● SUPPLIED RECORDS
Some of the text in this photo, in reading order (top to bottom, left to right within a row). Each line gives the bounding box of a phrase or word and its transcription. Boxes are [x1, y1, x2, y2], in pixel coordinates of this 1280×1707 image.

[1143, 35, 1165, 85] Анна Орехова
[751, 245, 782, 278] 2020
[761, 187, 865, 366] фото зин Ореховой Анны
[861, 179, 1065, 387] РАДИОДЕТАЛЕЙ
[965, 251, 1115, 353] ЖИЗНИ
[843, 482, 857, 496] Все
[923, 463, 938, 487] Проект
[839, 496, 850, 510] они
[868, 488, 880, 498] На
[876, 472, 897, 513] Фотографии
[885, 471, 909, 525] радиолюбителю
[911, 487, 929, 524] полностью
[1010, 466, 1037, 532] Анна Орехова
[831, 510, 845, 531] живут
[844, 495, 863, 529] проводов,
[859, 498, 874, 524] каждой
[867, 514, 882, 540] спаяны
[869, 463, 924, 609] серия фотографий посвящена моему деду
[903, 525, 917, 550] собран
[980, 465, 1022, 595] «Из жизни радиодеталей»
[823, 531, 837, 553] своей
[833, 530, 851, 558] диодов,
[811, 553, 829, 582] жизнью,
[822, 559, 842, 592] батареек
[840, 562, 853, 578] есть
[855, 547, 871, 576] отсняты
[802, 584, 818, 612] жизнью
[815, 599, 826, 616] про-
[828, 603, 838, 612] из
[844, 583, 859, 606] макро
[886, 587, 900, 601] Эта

---

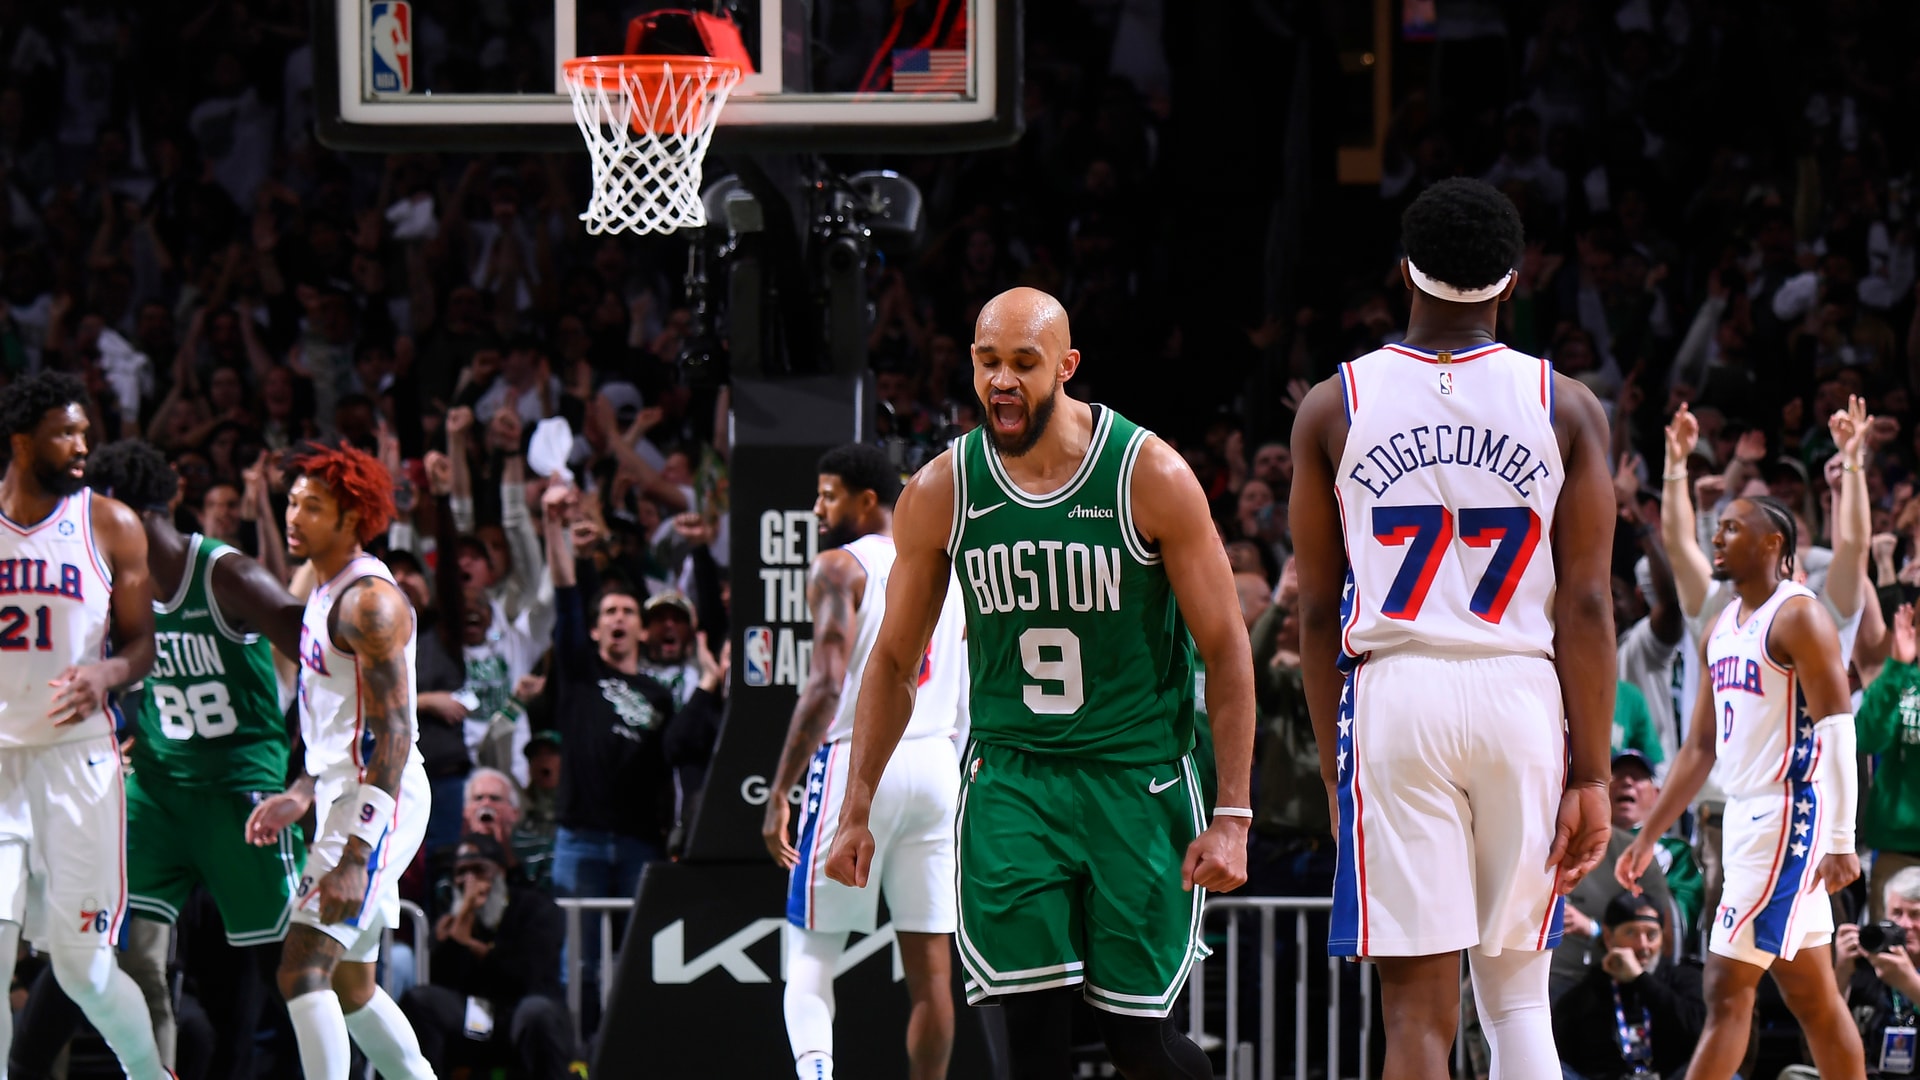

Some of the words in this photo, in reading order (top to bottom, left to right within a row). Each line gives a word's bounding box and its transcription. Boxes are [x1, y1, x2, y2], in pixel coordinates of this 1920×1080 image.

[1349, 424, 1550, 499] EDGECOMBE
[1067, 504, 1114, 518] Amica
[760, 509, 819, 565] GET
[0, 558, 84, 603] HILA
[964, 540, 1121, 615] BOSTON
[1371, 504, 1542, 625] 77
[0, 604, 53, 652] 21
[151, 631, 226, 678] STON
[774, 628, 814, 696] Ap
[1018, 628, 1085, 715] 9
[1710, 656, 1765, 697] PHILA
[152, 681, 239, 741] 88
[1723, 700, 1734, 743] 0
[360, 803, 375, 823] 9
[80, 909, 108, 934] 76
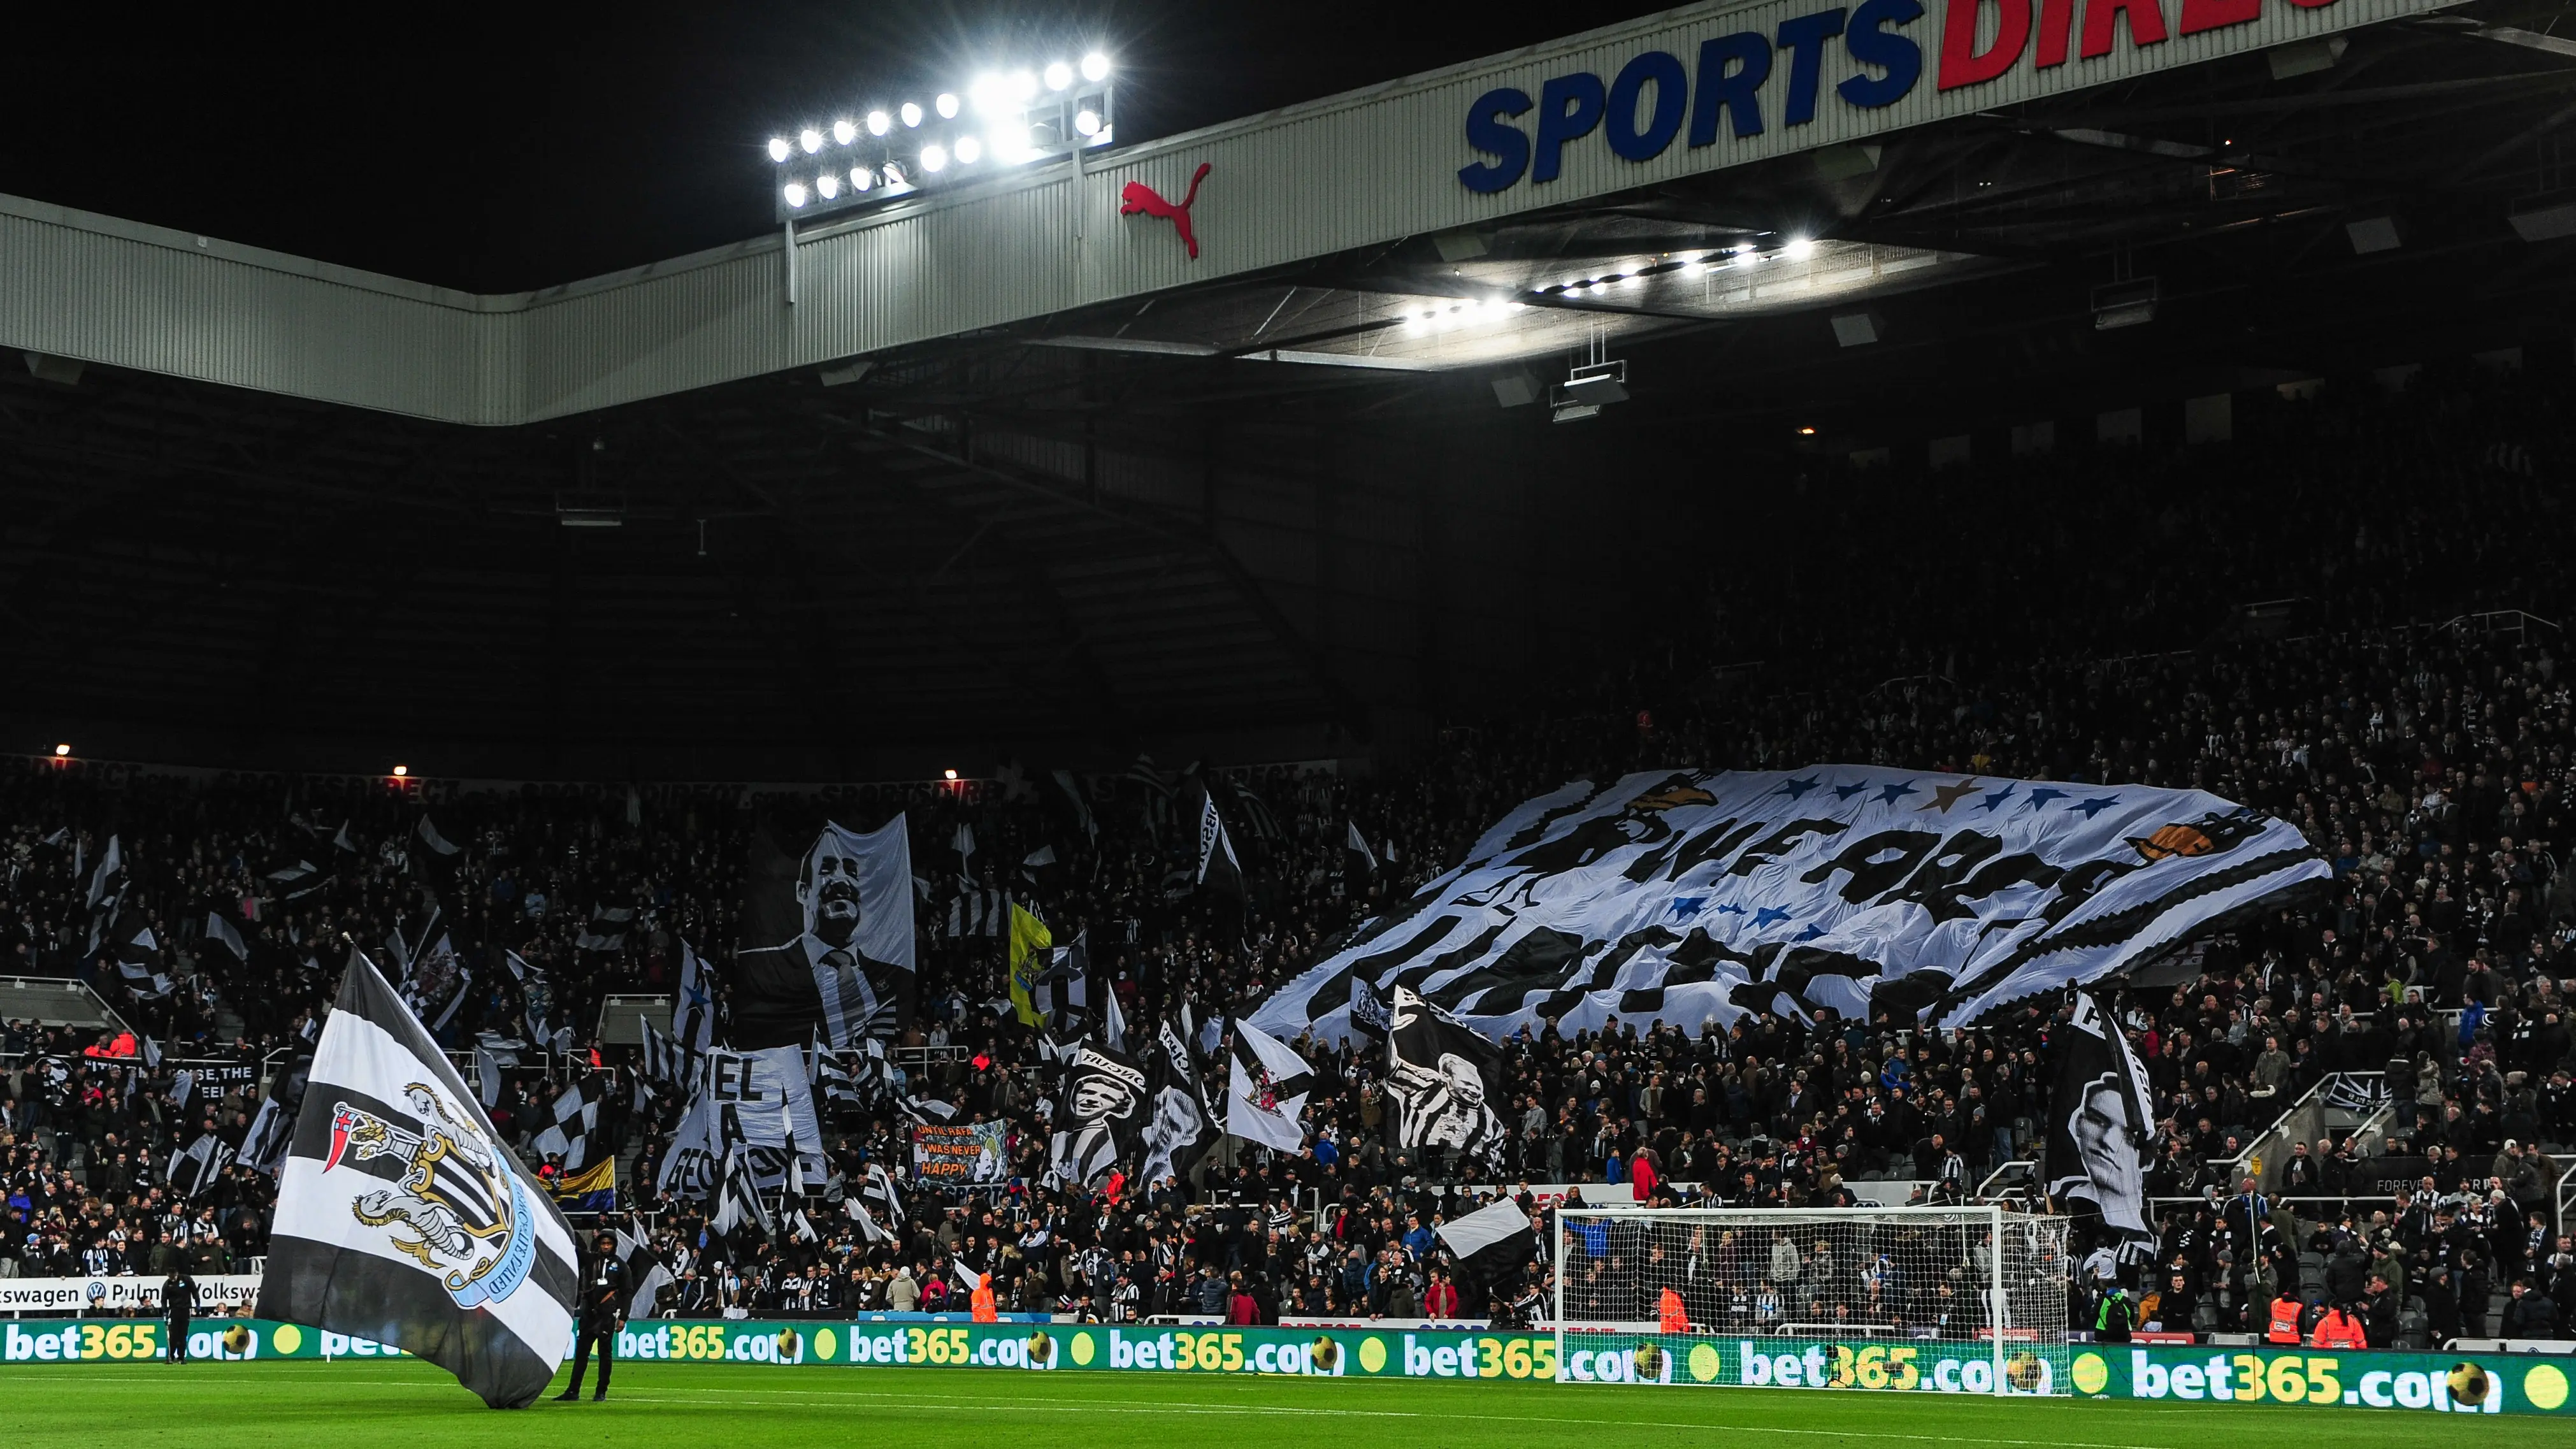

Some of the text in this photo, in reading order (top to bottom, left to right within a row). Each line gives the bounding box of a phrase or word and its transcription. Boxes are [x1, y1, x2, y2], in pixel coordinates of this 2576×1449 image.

* * *

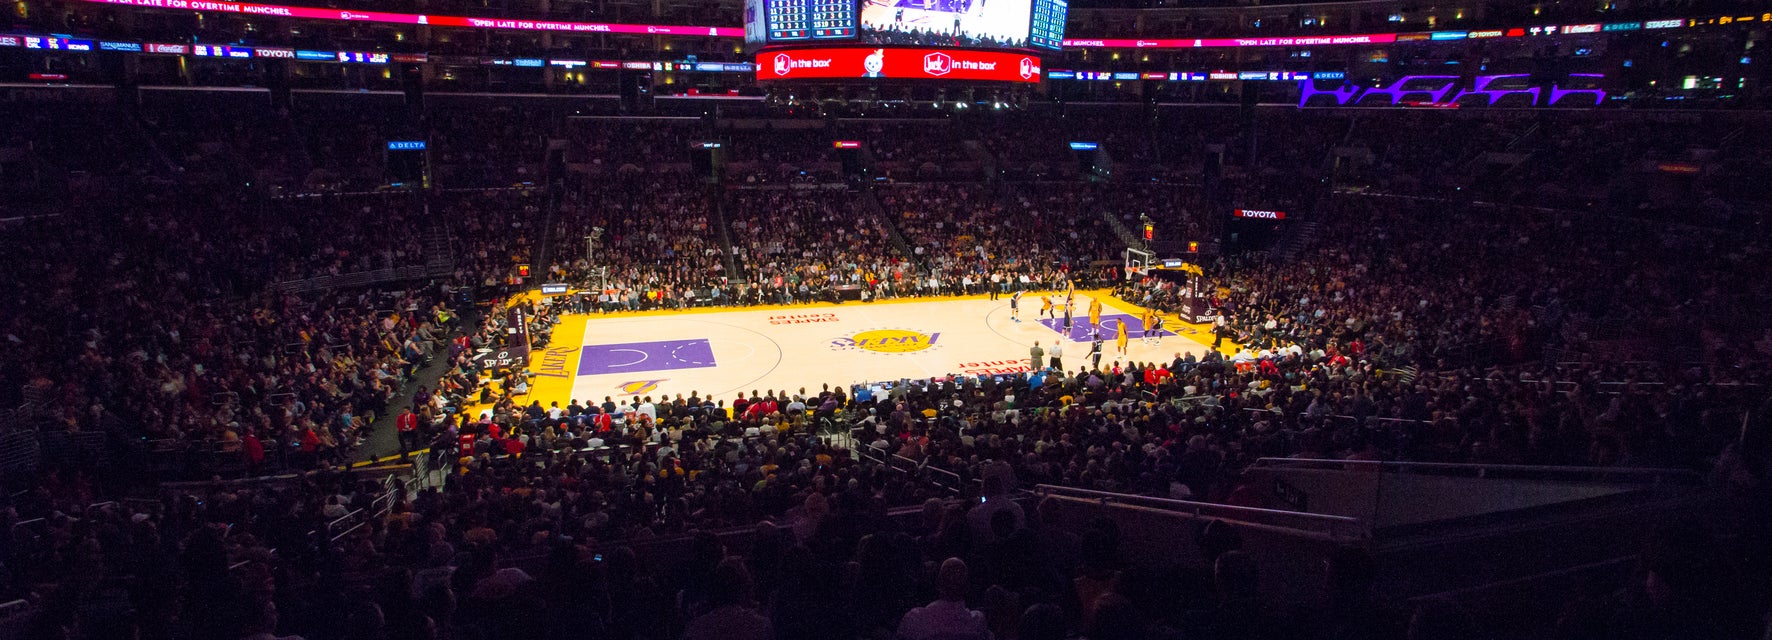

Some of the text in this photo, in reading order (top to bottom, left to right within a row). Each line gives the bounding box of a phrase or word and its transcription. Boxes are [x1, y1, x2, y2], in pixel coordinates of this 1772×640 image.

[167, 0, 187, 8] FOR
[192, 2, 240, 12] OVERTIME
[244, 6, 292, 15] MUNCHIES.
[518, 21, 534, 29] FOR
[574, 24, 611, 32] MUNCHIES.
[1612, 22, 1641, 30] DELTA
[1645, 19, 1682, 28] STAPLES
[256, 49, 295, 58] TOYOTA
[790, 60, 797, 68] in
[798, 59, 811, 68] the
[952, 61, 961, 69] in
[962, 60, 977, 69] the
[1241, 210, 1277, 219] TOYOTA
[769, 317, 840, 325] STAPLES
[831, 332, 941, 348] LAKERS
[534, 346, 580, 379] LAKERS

● TASK GOAL
Going by the data above, give back only the lines from the one containing "Some of the words" through the one containing "this 2576×1449 image.", exactly as they stand, both ends included and no images.

● RESPONSE AREA
Some of the words in this photo, in reading order (top to bottom, left to right within a row). Each line gives a word's bounding box and its transcription. Boxes are [x1, y1, x2, y2], in pixel coordinates of this 1920×1080 image.

[1349, 424, 1550, 499] EDGECOMBE
[1067, 504, 1114, 518] Amica
[760, 509, 819, 565] GET
[0, 558, 84, 603] HILA
[964, 540, 1121, 615] BOSTON
[1371, 504, 1542, 625] 77
[0, 604, 53, 652] 21
[151, 631, 226, 678] STON
[774, 628, 814, 696] Ap
[1018, 628, 1085, 715] 9
[1710, 656, 1765, 697] PHILA
[152, 681, 239, 741] 88
[1723, 700, 1734, 743] 0
[360, 803, 375, 823] 9
[80, 909, 108, 934] 76

Some of the text in this photo, in reading order (top to bottom, left to right within a row). Each line gives the bounding box of a phrase or word and its transcription. Boxes are [x1, y1, x2, y2], in pixel coordinates of this 2576×1449 image.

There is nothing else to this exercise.